■ **What you need to do**
Copy out all of the data below exactly, so that no word differs from the original.

---- Material for this exercise

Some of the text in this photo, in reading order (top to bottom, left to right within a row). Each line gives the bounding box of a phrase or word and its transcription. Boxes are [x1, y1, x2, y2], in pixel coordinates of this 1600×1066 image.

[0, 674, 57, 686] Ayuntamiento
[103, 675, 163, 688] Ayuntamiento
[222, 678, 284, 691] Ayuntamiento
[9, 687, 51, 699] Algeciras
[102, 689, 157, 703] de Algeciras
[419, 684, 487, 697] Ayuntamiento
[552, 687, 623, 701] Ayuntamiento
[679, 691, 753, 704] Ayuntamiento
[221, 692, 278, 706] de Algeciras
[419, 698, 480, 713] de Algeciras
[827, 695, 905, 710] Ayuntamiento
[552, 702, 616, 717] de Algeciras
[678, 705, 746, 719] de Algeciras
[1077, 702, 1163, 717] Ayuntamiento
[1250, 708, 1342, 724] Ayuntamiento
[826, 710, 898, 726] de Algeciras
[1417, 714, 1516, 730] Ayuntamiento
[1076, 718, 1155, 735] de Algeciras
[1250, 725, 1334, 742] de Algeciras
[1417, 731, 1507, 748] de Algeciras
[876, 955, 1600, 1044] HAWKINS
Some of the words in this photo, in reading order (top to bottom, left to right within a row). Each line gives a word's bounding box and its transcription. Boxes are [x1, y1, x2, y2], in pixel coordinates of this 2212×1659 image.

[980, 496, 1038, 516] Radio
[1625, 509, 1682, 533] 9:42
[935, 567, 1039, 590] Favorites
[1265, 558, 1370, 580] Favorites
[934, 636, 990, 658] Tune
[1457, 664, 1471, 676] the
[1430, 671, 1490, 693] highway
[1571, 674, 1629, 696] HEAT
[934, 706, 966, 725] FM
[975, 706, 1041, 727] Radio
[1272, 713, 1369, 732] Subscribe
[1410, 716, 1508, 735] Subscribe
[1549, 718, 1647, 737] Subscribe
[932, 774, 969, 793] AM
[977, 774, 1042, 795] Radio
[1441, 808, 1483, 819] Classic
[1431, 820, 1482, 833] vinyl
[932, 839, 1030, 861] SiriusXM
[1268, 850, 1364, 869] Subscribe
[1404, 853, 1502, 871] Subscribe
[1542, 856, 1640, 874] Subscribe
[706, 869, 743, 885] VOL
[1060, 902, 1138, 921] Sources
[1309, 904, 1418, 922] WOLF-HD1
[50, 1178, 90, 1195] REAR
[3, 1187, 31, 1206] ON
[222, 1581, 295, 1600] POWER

--------

■ **Answer box**
Some of the text in this photo, in reading order (top to bottom, left to right within a row). Each line gives the bounding box of a phrase or word and its transcription. Boxes are [x1, y1, x2, y2], in pixel coordinates of this 1600×1066 image.

[0, 674, 57, 686] Ayuntamiento
[103, 675, 163, 688] Ayuntamiento
[222, 678, 284, 691] Ayuntamiento
[9, 687, 51, 699] Algeciras
[102, 689, 157, 703] de Algeciras
[419, 684, 487, 697] Ayuntamiento
[552, 687, 623, 701] Ayuntamiento
[679, 691, 753, 704] Ayuntamiento
[221, 692, 278, 706] de Algeciras
[419, 698, 480, 713] de Algeciras
[827, 695, 905, 710] Ayuntamiento
[552, 702, 616, 717] de Algeciras
[678, 705, 746, 719] de Algeciras
[1077, 702, 1163, 717] Ayuntamiento
[1250, 708, 1342, 724] Ayuntamiento
[826, 710, 898, 726] de Algeciras
[1417, 714, 1516, 730] Ayuntamiento
[1076, 718, 1155, 735] de Algeciras
[1250, 725, 1334, 742] de Algeciras
[1417, 731, 1507, 748] de Algeciras
[876, 955, 1600, 1044] HAWKINS
Some of the words in this photo, in reading order (top to bottom, left to right within a row). Each line gives a word's bounding box and its transcription. Boxes are [x1, y1, x2, y2], in pixel coordinates of this 2212×1659 image.

[980, 496, 1038, 516] Radio
[1625, 509, 1682, 533] 9:42
[935, 567, 1039, 590] Favorites
[1265, 558, 1370, 580] Favorites
[934, 636, 990, 658] Tune
[1457, 664, 1471, 676] the
[1430, 671, 1490, 693] highway
[1571, 674, 1629, 696] HEAT
[934, 706, 966, 725] FM
[975, 706, 1041, 727] Radio
[1272, 713, 1369, 732] Subscribe
[1410, 716, 1508, 735] Subscribe
[1549, 718, 1647, 737] Subscribe
[932, 774, 969, 793] AM
[977, 774, 1042, 795] Radio
[1441, 808, 1483, 819] Classic
[1431, 820, 1482, 833] vinyl
[932, 839, 1030, 861] SiriusXM
[1268, 850, 1364, 869] Subscribe
[1404, 853, 1502, 871] Subscribe
[1542, 856, 1640, 874] Subscribe
[706, 869, 743, 885] VOL
[1060, 902, 1138, 921] Sources
[1309, 904, 1418, 922] WOLF-HD1
[50, 1178, 90, 1195] REAR
[3, 1187, 31, 1206] ON
[222, 1581, 295, 1600] POWER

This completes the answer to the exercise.